Il fatto che si siano intese privilegiare l’essenzialità e l’immediatezza della comunicazione non va, tuttavia, a detrimento della qualità scientifica del lavoro. Tutti i contributi, infatti, si fondano su dati empirici rigorosamente raccolti e seriamente valutati. Il che – può sottolinearsi – emancipa le “diagnosi” ottenute dal maggior rischio cui sono esposte le elaborazioni di questo tipo: quello – se così ci si può esprimere – dell’impressionismo.

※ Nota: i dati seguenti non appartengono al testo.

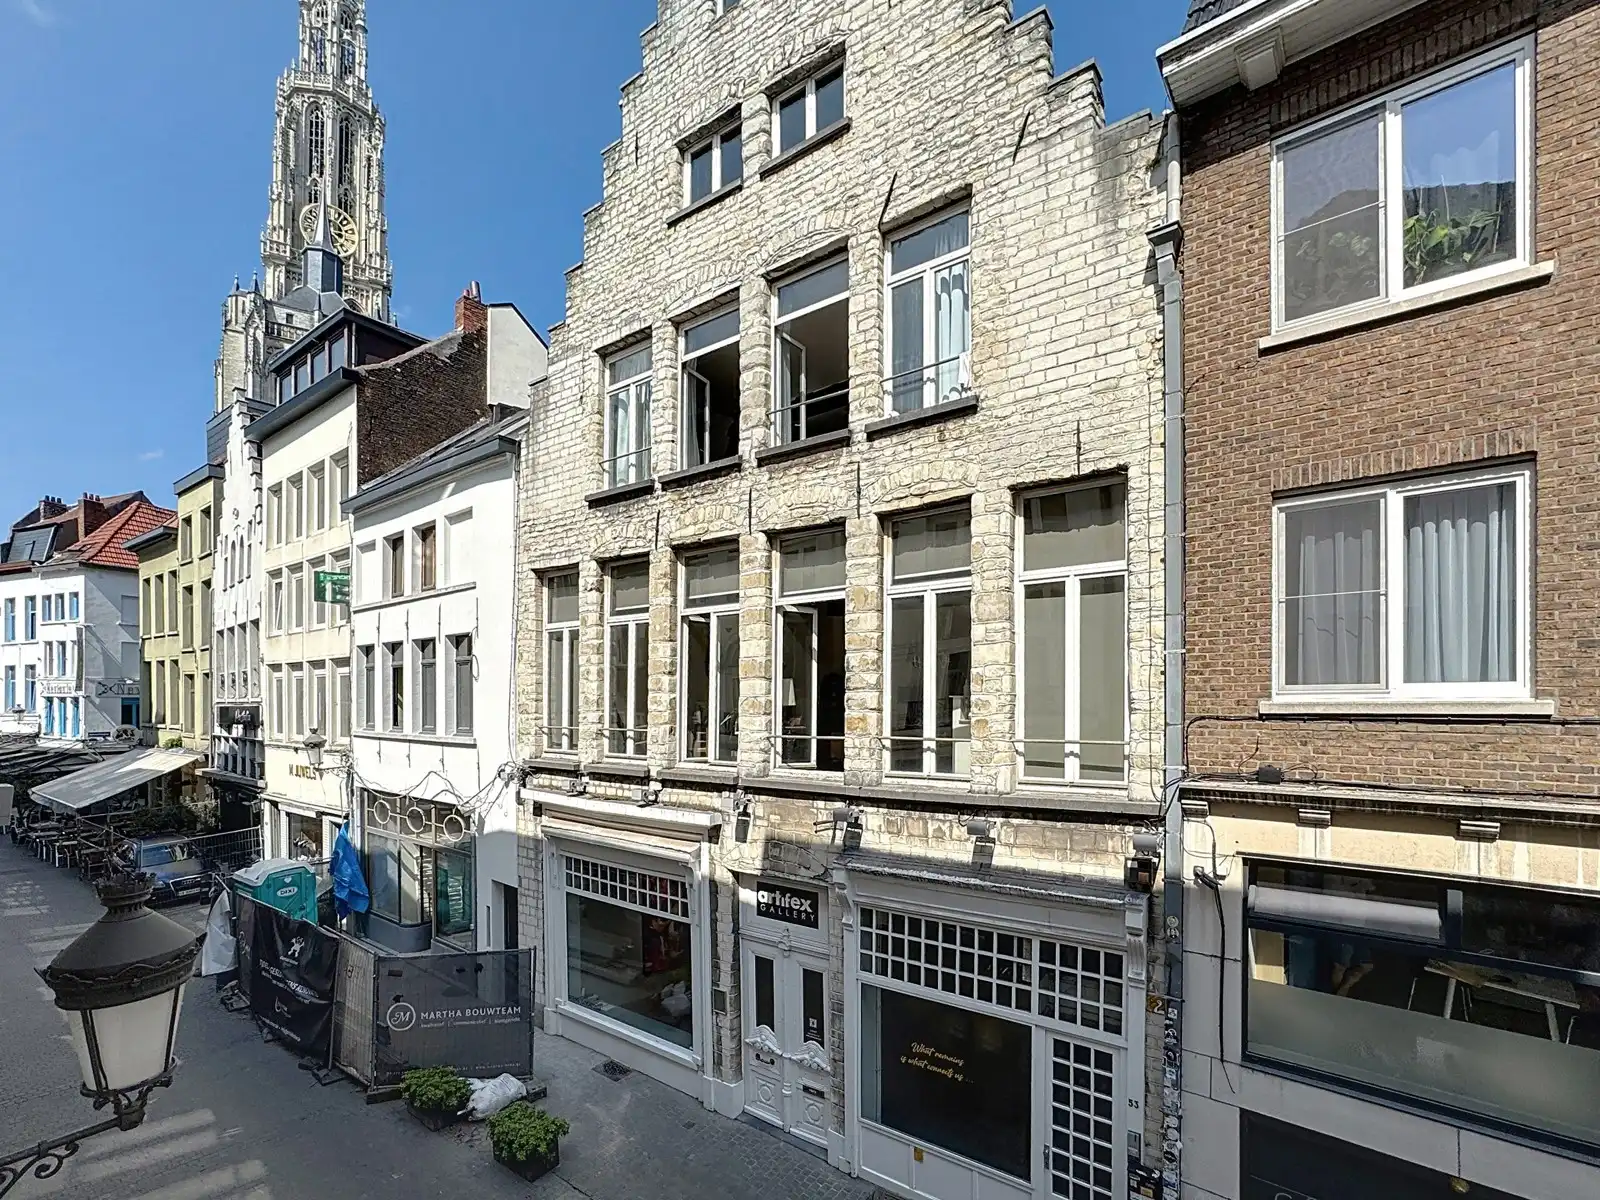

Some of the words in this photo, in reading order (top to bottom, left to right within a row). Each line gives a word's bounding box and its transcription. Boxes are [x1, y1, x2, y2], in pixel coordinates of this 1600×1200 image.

Ma non basta. La scelta stilistica adottata presenta il vantaggio di fare emergere, in maniera particolarmente nitida, i tratti essenziali del quadro istituzionale che si sta progressivamente delineando: un quadro in movimento, nel quale la nota fondamentale è rappresentata dai processi di attuazione delle riforme costituzionali ricordate all’inizio.
Tali processi, pur non essendo ancora giunti a conclusione, registrano significativi passi in avanti, che stanno profondamente trasformando i caratteri del nostro ordinamento.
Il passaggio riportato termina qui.